O'er Charles's limbs a sudden tremor ran,
Something betwixt a thrilling awe and love :
By the cold hand he grasp'd the sainted man,
And felt assured of happier life above.
A holy horror every breast began

To seize, and even Rinaldo's soul to prove

The power of Fear, while, humbly kneeling round, They kiss'd with bended face the sacred ground.

But who shall say how wretched Alda mourn'd (25)
Her lord and brother on their timeless bier ?
"Ye, blessed souls, to kindred light return'd,
Have left me, all alone and darkling here,
Me, once the happiest wife on earth, adorn'd
With all that Heaven approves or man holds dear,
Crown'd with the love of the most noble knight
That ever mounted steed or dared the fight.

"O my loved husband, father, friend, farewell!
Ne'er shall the world behold thy peer again;
So form'd in camps and cities to excel,

So mild in peace, so dreadful on the plain!
Faithful in life and death, thine Aldabelle
Swears, by thy bones inhumed at Aquisgrane,
This constant heart, that only breathed for thee,
'Shall live devoted to thy memory.'

NOTES

ΤΟ

CANTO THE FIFTH.

(1) "Is that the bridal voice that calls thee home ?"] Alluding to the dream of Oliver, described in the first

canto.

(2) "Not when Bellande her blooming honour lost, And headless on the field lay Neustria's pride."] Anjolin of Bellande, and Richard of Normandy, two of the Paladins already mentioned.

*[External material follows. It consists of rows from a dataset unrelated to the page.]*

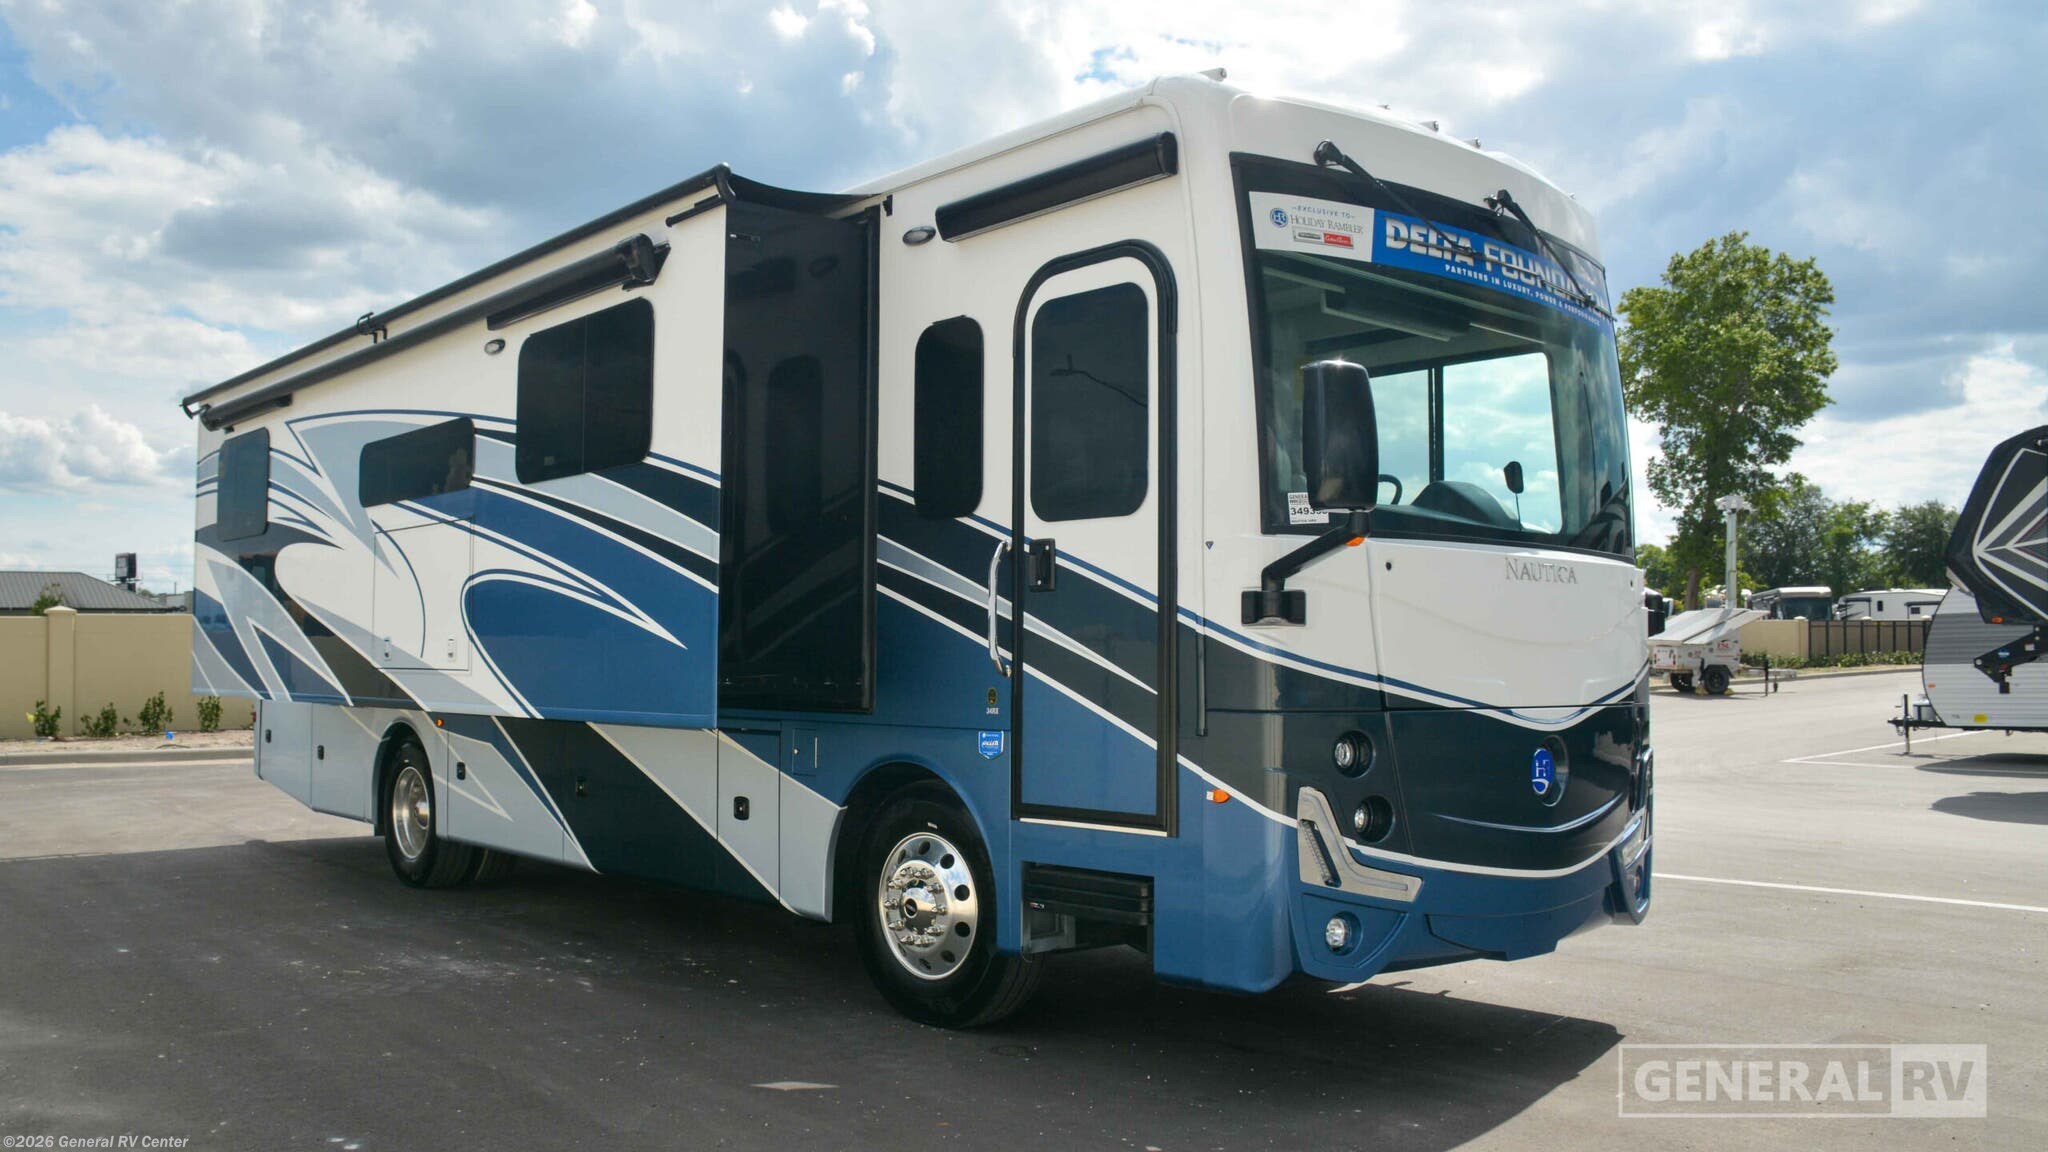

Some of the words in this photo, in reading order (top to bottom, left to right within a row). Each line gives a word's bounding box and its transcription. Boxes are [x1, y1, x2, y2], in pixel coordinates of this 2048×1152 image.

[1297, 205, 1338, 217] EXCLUSIVE
[1385, 218, 1475, 267] DELTA
[1445, 264, 1488, 282] PARTNERS
[1491, 276, 1500, 285] IN
[1535, 291, 1557, 307] POWER
[1505, 557, 1578, 585] NAUTICA
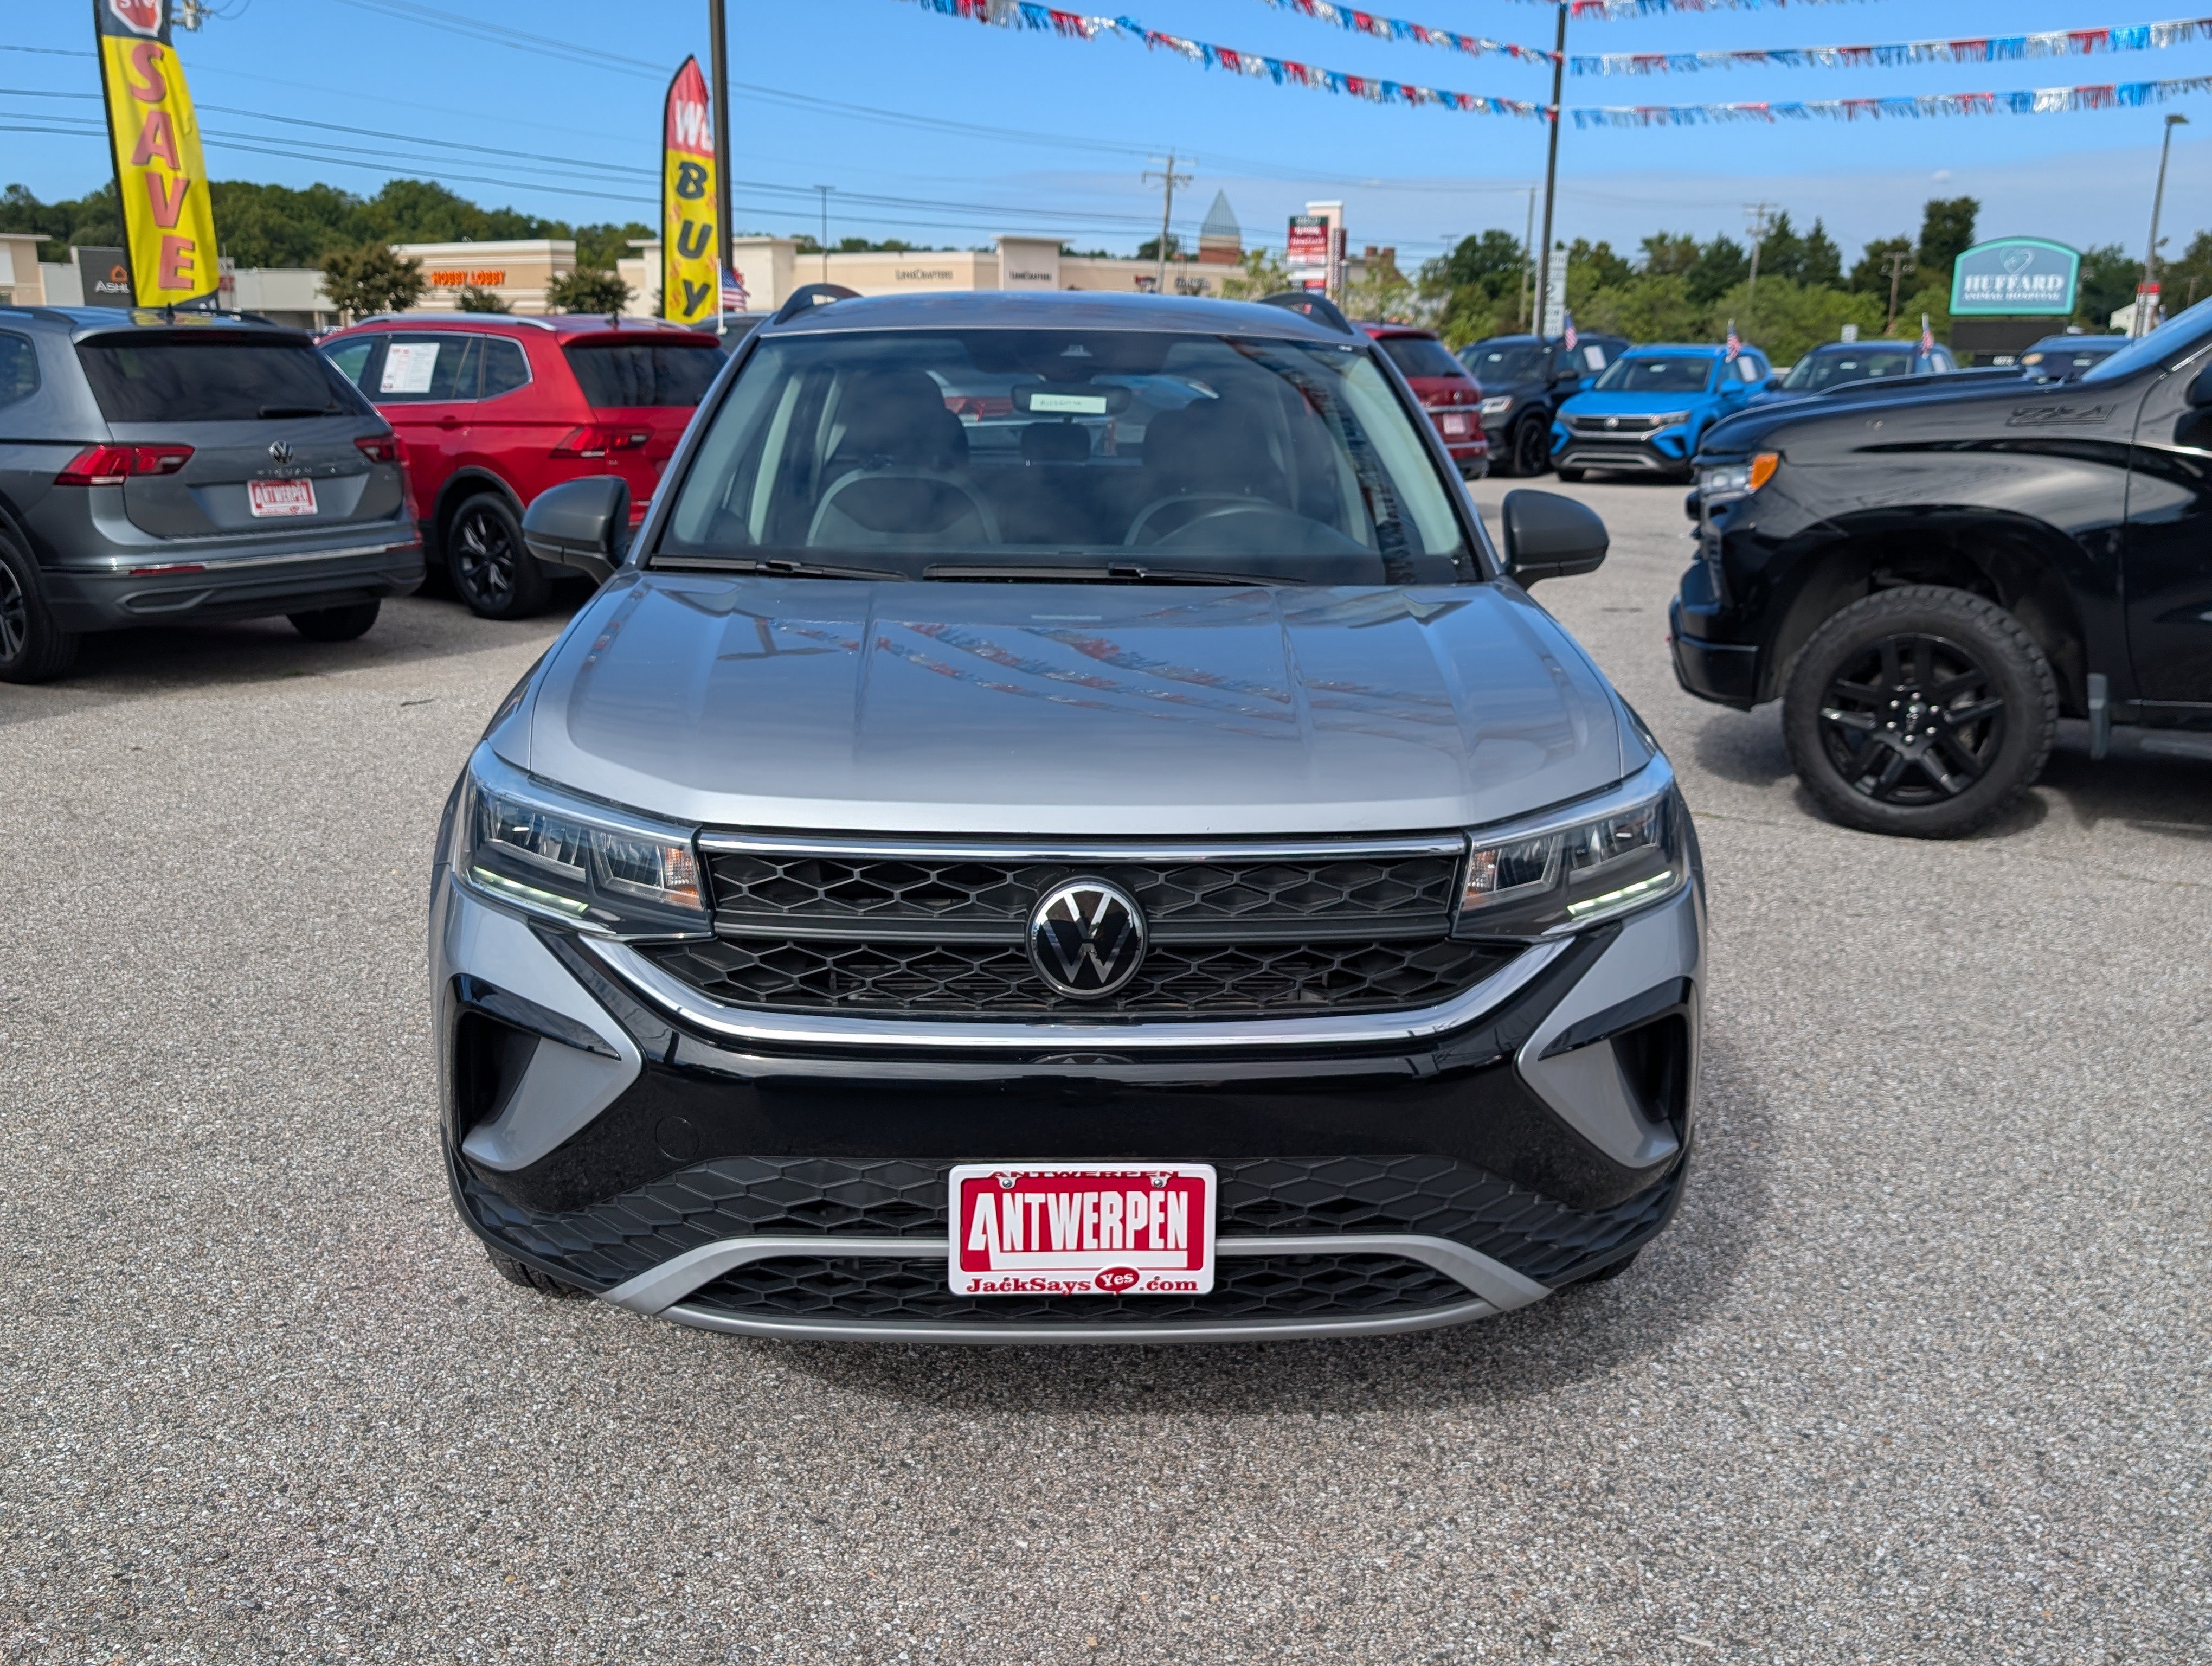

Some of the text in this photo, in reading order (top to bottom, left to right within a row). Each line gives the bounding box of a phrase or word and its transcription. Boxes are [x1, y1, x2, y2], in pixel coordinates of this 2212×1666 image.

[130, 42, 195, 290] SAVE
[676, 160, 712, 317] BUY
[1964, 274, 2065, 292] HUFFARD
[968, 1191, 1188, 1252] ANTWERPEN
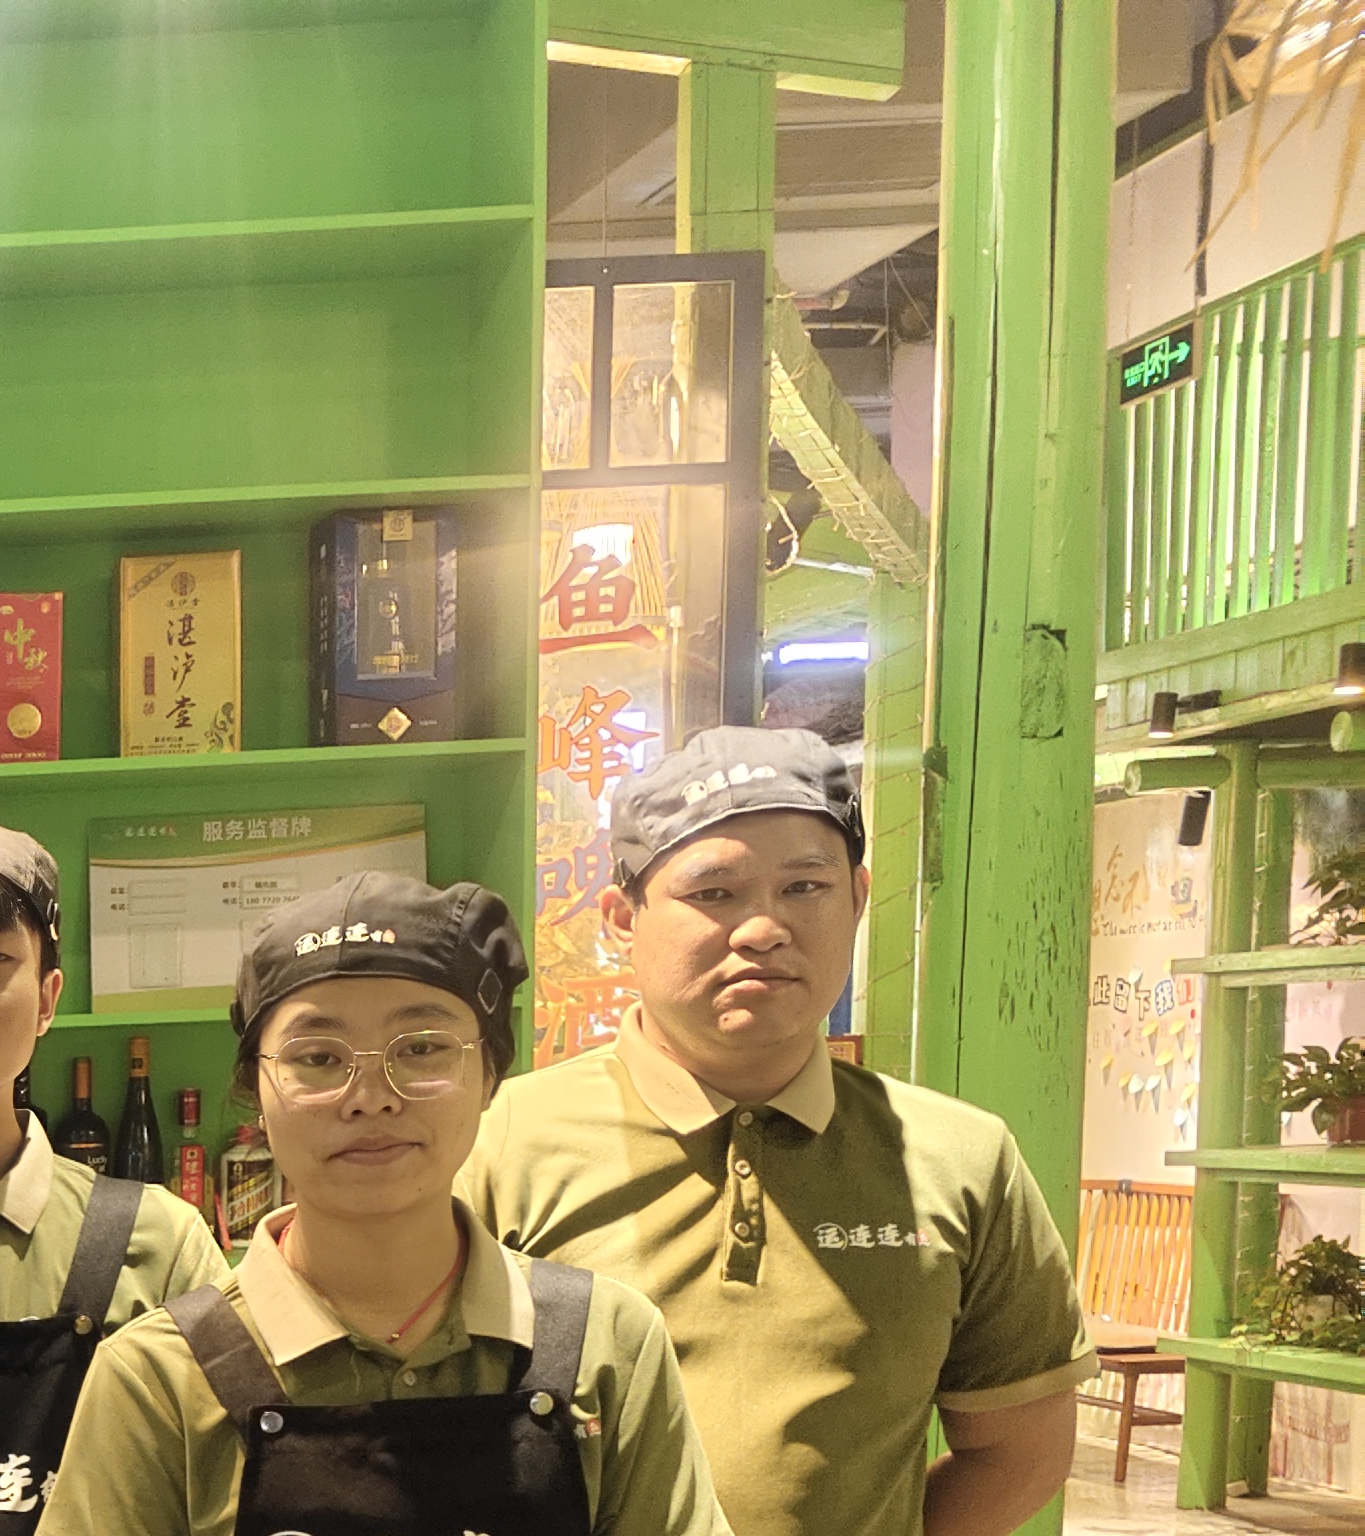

(3) "Yet once again that inmost soul must bleed," &c.] Gran pianto Orlando di questo facea,

Perche molto Ulivier gl' era nel core.

C. xxvii. st. 64.

The account of Oliver's death, which I have closely followed, is contained in the five succeeding stanzas of Pulci.

(4) "Love only can the fall of life abide," &c.] "E perch' io t' amo Ulivier com' io soglio, Vienne con meco à nostrar tua possanza, Una morte, una fede, un voler solo,"

Poì lo menò nel mezzo dello stuolo. St. 65.

(5) E bisognò intender, che Alda la bella Raccomandar volea, la sua sorella. St. 68.

(6) "And there he blew a blast so loud and dread.'"] Collins's Ode on the Passions.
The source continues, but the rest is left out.